I have an ecommerce store with a relatively large index of products. About
10 000 000 products, 15 GB index size. This index gets updated very often,
maybe 100-1000 updates per second.
What I'm trying to do is to setup two servers. One for rapidly updating the
index, and another one just for querying. There is no problem if the data
on the "querying" server is relatively stale (up to 4 hours is ok).
However I can't figure out a way to implement this. When I do replication,
querying server is also suffering from intense writing i/o (even on XFS
with a large buffer, or ext4 with commit=60,data=writeback), and sometimes
the querying gets redirected to the "indexing" server.

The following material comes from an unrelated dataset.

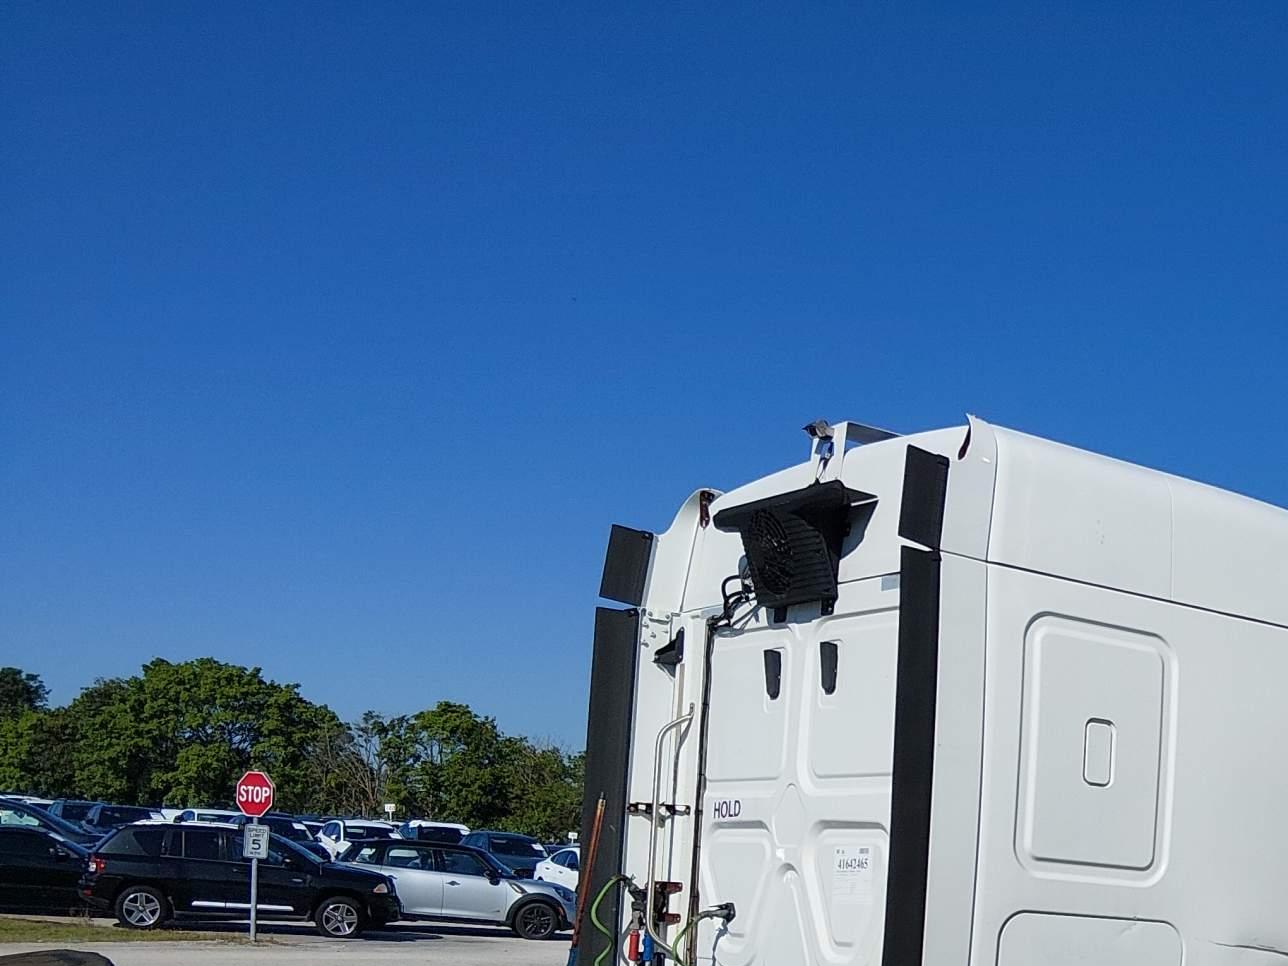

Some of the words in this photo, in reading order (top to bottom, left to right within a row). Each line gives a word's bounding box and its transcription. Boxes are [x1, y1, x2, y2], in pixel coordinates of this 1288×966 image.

So far my best guesses are:
Setup both nodes over the same Shared FS or Hadoop Gateway, write to
"indexing" node, read from "querying" node (maybe even disable data
alteration with 0.19.2 new APIs), don't let them join into cluster (?).
Sometimes reboot "querying" node so it will recover from the gateway (maybe
there is a better way to propagate changes?). Use "memory" index on
"querying" node to prevent confusion over changed disk data (?).
Setup a simple cluster replication with 1 replica, and just use
"preference=_local" Search parameter to query local replica.
Would gladly accept any advice on how to achieve this. Thanks!